Posted by WaterSapphire on August 31, 2008, at 6:27:37
I had built up an image of this one nephrologist.
One of only two I had seen. I could go back to him still, but I am still having very very hurt feelings. The last one I saw, well she was not in my opinion very good to say it as nicely as possible.
My shall we say ex-nephrologist in a way broke my heart. I am married and in love with my hubby, and it has nothing to do with it. I searched and searched high and low online trying to find someone who knew about electrolytes and was well versed with the literature. Of all the other doctors I thought could help me, I still feel that he was my last hope. He had written research for books and such on different things such as magnesium and potassium. I was so hoping he would help me. But the second appt. I had with him, his pat assumptions and somewhat shall we say rude and argumentative behaviour caused me to never go back for further testing after I had cut down on my sodium and was still getting sick and weak.

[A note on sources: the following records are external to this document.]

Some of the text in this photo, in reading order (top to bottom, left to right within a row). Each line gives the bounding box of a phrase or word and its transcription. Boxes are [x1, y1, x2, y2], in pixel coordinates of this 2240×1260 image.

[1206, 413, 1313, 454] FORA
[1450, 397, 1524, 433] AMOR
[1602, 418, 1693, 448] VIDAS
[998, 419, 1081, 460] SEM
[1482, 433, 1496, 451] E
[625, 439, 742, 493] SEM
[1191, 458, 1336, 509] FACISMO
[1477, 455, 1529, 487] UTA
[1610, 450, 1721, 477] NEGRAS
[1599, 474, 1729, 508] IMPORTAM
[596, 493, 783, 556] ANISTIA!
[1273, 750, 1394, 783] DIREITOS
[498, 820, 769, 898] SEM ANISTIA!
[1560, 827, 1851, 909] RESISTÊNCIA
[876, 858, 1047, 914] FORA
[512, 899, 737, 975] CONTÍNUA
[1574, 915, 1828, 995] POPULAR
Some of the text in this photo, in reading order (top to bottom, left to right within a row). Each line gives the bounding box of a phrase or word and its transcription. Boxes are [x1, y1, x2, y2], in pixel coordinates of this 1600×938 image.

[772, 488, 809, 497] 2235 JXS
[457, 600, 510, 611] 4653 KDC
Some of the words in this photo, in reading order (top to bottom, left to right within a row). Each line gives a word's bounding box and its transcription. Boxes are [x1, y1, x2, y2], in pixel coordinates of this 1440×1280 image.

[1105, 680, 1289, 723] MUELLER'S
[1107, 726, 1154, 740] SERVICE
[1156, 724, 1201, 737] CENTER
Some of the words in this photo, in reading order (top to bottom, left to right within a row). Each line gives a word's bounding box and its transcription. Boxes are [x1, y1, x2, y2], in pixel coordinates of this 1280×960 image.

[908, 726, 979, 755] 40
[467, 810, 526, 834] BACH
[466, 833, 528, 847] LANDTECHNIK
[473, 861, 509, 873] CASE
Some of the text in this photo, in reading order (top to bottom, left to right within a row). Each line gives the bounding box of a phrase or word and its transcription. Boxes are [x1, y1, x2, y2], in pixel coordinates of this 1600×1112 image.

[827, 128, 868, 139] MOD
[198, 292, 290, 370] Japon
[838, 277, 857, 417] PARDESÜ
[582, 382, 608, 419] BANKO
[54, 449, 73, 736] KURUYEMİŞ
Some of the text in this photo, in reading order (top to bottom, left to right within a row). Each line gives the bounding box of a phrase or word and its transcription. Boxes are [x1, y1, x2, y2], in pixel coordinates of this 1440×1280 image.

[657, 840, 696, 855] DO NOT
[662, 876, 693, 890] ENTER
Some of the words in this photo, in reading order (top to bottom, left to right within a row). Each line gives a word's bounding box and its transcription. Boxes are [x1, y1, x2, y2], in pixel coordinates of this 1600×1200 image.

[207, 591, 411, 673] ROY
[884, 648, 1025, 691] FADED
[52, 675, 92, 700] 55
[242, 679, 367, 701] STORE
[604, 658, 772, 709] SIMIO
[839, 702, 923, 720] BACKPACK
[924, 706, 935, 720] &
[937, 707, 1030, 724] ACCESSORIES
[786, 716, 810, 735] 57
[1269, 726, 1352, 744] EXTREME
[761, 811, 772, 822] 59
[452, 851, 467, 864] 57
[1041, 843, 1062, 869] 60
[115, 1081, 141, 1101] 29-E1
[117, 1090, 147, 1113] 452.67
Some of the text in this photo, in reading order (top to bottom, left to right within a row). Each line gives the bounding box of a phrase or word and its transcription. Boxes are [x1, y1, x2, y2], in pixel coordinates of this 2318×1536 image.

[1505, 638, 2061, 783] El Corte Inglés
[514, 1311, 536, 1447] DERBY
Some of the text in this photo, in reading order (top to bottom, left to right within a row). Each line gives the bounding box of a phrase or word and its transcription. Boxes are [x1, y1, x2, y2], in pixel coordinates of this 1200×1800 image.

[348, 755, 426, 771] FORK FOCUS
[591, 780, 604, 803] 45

(an abnormal 24 hour test showing wasting of things). I am ok, but yesterday I was online searching for his research and found he had started a blog even. He is into patients supposedly being part of their treatment, but I feel like he just saw a fat, crazy sick girl that he did not really believe. I am more honest than anyone else I know. SO honest, that I have been shunned in life because of my honesty.I just wish he could help me find out what is wrong, because he has the brains for it.